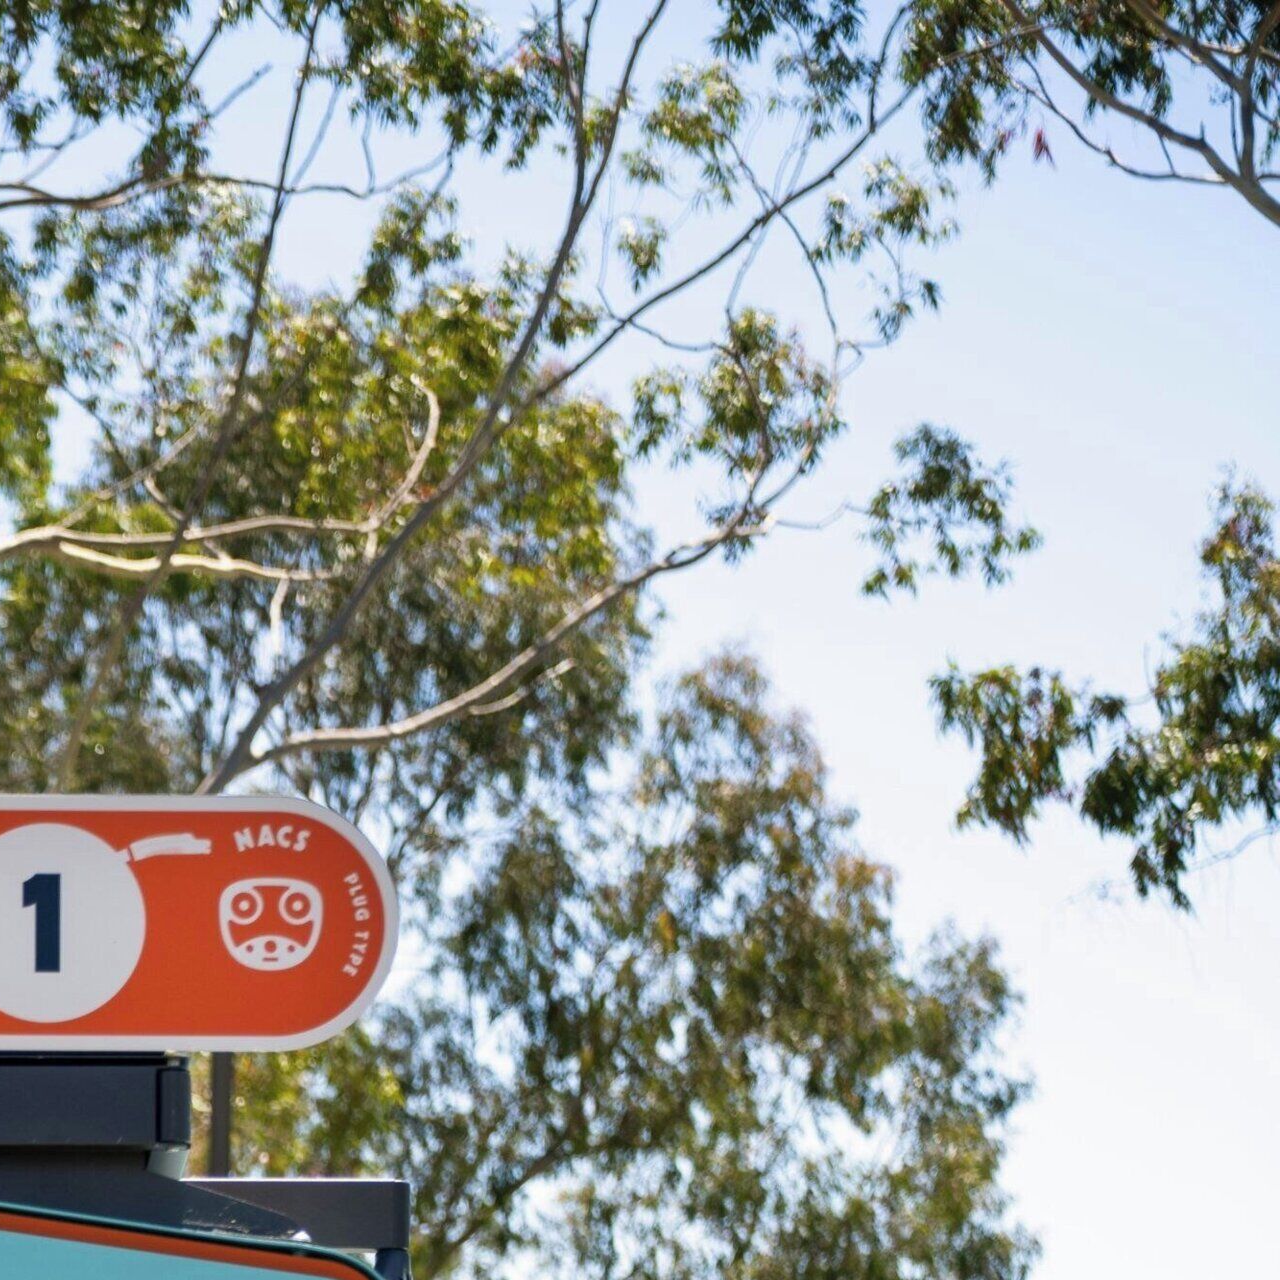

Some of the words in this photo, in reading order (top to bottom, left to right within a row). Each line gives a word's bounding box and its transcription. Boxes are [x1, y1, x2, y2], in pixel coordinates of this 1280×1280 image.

[233, 824, 311, 852] NACS
[344, 872, 371, 921] PLUG
[21, 872, 61, 972] 1
[342, 931, 369, 977] TYPE
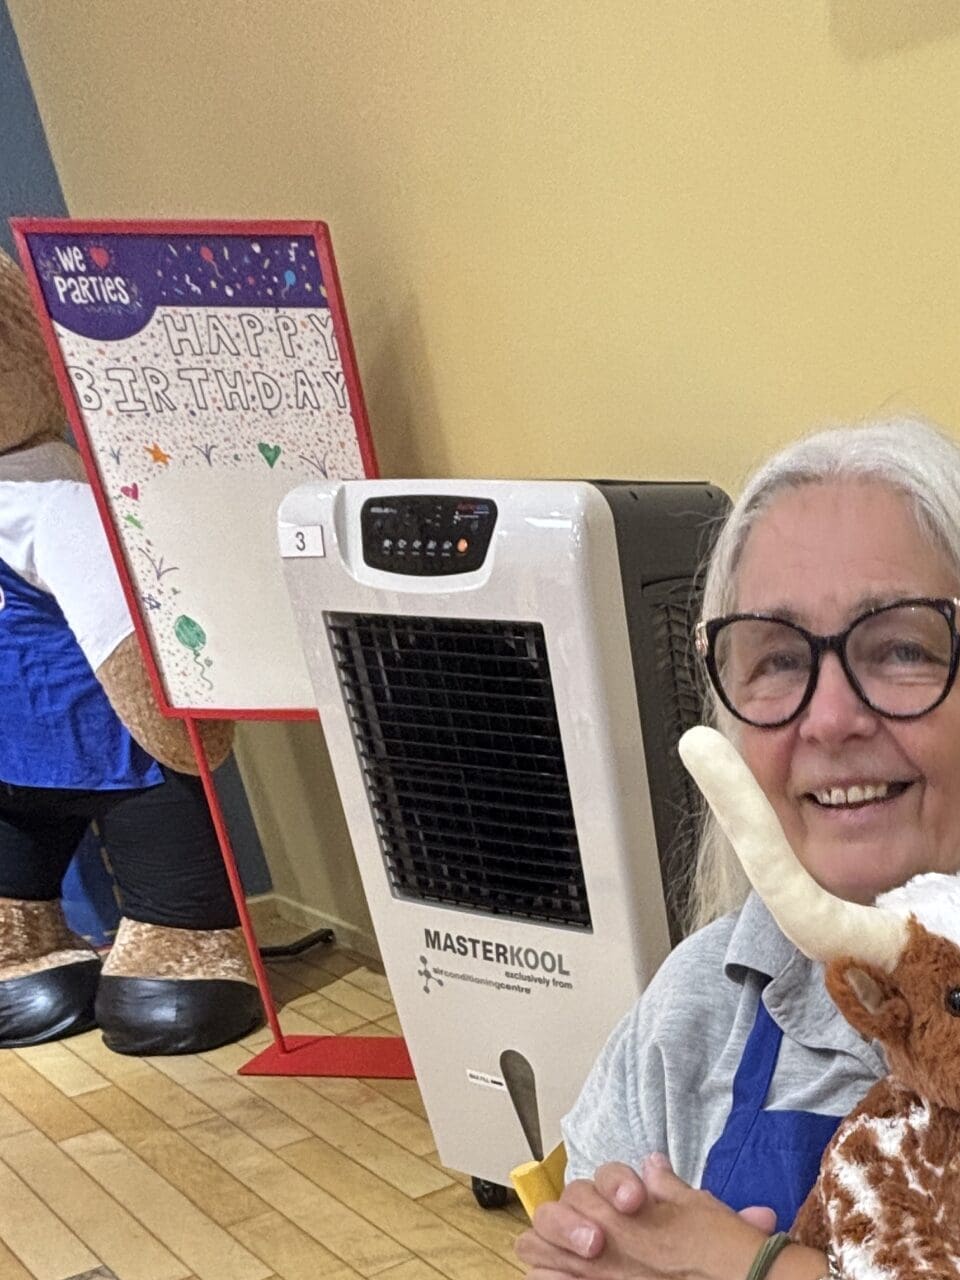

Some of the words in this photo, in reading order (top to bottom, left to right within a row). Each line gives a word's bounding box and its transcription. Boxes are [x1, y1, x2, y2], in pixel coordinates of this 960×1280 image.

══════

Your answer is all of the records restated word for word, pictures excluded.

## Exercise output
Some of the words in this photo, in reading order (top to bottom, left to right within a row). Each line gives a word's bounding box and its transcription. Boxes are [x1, y1, x2, y2], in pixel coordinates of this 1280×1280 image.

[233, 824, 311, 852] NACS
[344, 872, 371, 921] PLUG
[21, 872, 61, 972] 1
[342, 931, 369, 977] TYPE

Some of the words in this photo, in reading order (top to bottom, left to right within a row). Each line gives a word's bounding box and its transcription. Boxes are [x1, y1, x2, y2], in pixel coordinates of this 960×1280 image.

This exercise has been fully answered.